Mohon tunggu...
Mas Gagah
Mas Gagah Mohon Tunggu... Dosen - (Lelaki Penunggu Subuh)

Anak Buruh Tani "Ngelmu Sampai Mati"

Selanjutnya

Tutup

Politik Pilihan

Bacaleg Terpidana Korupsi dan Janji Politik di Pasar Kecil

7 Juli 2018   10:03 Diperbarui: 7 Juli 2018   10:24 460
+
Laporkan Konten
Laporkan Akun
Kompasiana adalah platform blog. Konten ini menjadi tanggung jawab bloger dan tidak mewakili pandangan redaksi Kompas.

Obrolan Di Pasar Kecil Bangka Raya

Suatu pagi saya berjalan-jalan ke Pasar Kecil Kawasan Pela Mampang Jakarta Selatan, menemani istri berbelanja sayuran.

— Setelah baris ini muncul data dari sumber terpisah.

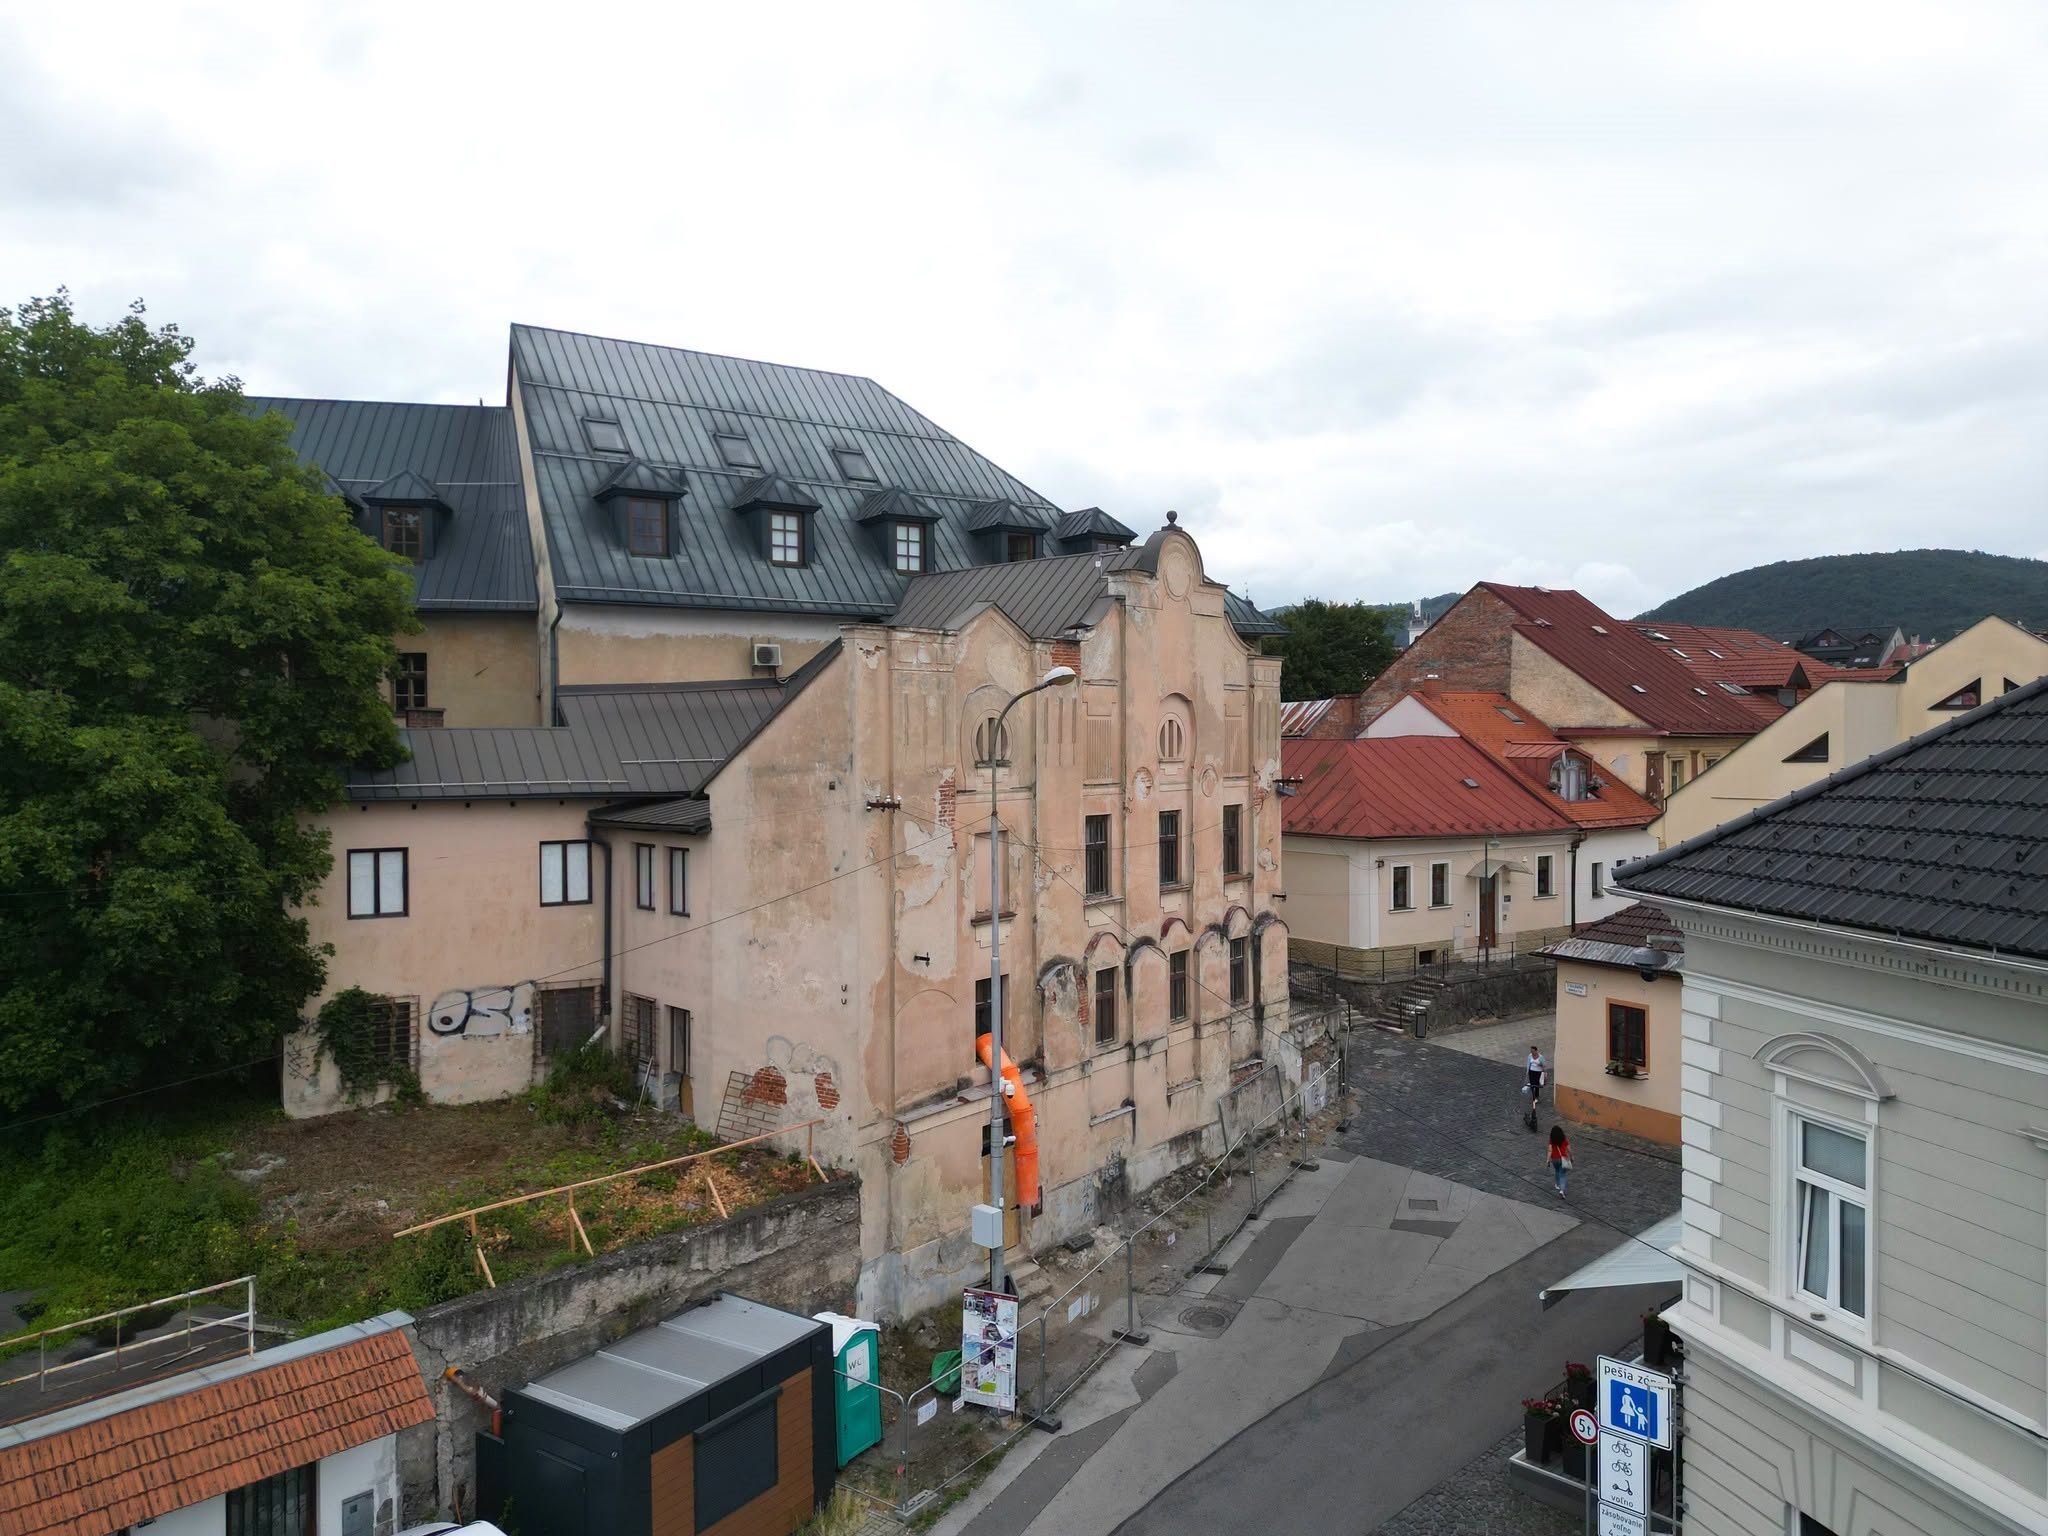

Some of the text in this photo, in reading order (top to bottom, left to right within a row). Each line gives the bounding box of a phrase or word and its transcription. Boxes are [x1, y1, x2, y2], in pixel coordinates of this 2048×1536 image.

[848, 1357, 862, 1371] WC
[1604, 1365, 1664, 1391] pešia zó
[1611, 1495, 1634, 1508] voľno
[1601, 1508, 1643, 1529] zásobovanie
[1612, 1522, 1632, 1535] voľno

Kebiasaan setiap pagi selain mengantar istri, saya bisa bercengkerama langsung dengan para penjual sayur. Obrolan yang tidak mungkin akan diliput live di sebuah stasiun TV Swasta.

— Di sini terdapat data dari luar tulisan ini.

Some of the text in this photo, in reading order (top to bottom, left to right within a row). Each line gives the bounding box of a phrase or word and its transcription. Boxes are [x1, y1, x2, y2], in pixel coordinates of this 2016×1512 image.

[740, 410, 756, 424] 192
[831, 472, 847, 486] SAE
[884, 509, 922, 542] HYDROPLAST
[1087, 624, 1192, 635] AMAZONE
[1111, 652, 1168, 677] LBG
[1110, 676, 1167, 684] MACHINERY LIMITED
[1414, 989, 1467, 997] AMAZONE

Para pedagang sayur itu mengatakan jika musim Pilkada atau Pemilu sering didatangi oleh Caleg. Mereka dijanjikan perbaikan hidupnya termasuk dijanjikan kestabilan harga sandang , pangan, dan papan.

Para caleg, jika momentum Pemilu dengan senang hati mendengarkan suara orang-orang kecil ini. Setelah mereka terpilih menjadi anggoat legislatif, kondisi pedagang kecil itu tetap sama. Tidak ada perubahan ke arah ekonomi yang lebih baik meskipun berulang kali diadakan Pilkada dan Pemilu.

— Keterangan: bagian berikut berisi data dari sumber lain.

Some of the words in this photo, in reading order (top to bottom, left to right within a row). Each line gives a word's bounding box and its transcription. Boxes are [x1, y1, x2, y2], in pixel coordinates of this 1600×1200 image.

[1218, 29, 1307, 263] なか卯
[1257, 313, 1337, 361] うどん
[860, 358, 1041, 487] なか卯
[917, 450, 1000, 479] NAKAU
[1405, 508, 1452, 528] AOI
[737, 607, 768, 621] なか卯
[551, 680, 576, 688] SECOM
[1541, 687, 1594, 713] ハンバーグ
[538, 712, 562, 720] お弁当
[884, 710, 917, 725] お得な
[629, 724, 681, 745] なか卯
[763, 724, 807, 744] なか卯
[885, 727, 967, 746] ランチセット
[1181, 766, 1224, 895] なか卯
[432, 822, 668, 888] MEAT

Bangsa ini sudah sibuk dengan berbagai masalah yang belum selesai. Tidak perlu lagi menambah beban bangsa ini dengan aturan yang merugikan negara.

"Harga cabai sudah naik mas. Pokoknya semua harga sembako serba mahal"

Keluh seorang penjual bumbu dapur di Kawasan Pasar Kecil Mampang Prapatan.  Pasar yang sebagian pembelinya adalah kaum marginal dengan kantong cekak.

"Ibu masih mau berjualan dengan kondisi seperti ini..?"

Saya kemudian menyambung pertanyaan pada wanita paruh baya penjual bumbu dapur itu. Mengamati dari jarak dekat kondisi pedagang kecil yang sering kali dilupakan oleh negara. Pedagang kecil yang tidak mengerti tentang ribut-ribut dibolehkannya terpidana korupsi menjadi anggota legislatif.

"Terpaksa mas. Saya harus tetap jualan. Kalau tidak jualan bagaimana saya menyekolahkan anak saya..."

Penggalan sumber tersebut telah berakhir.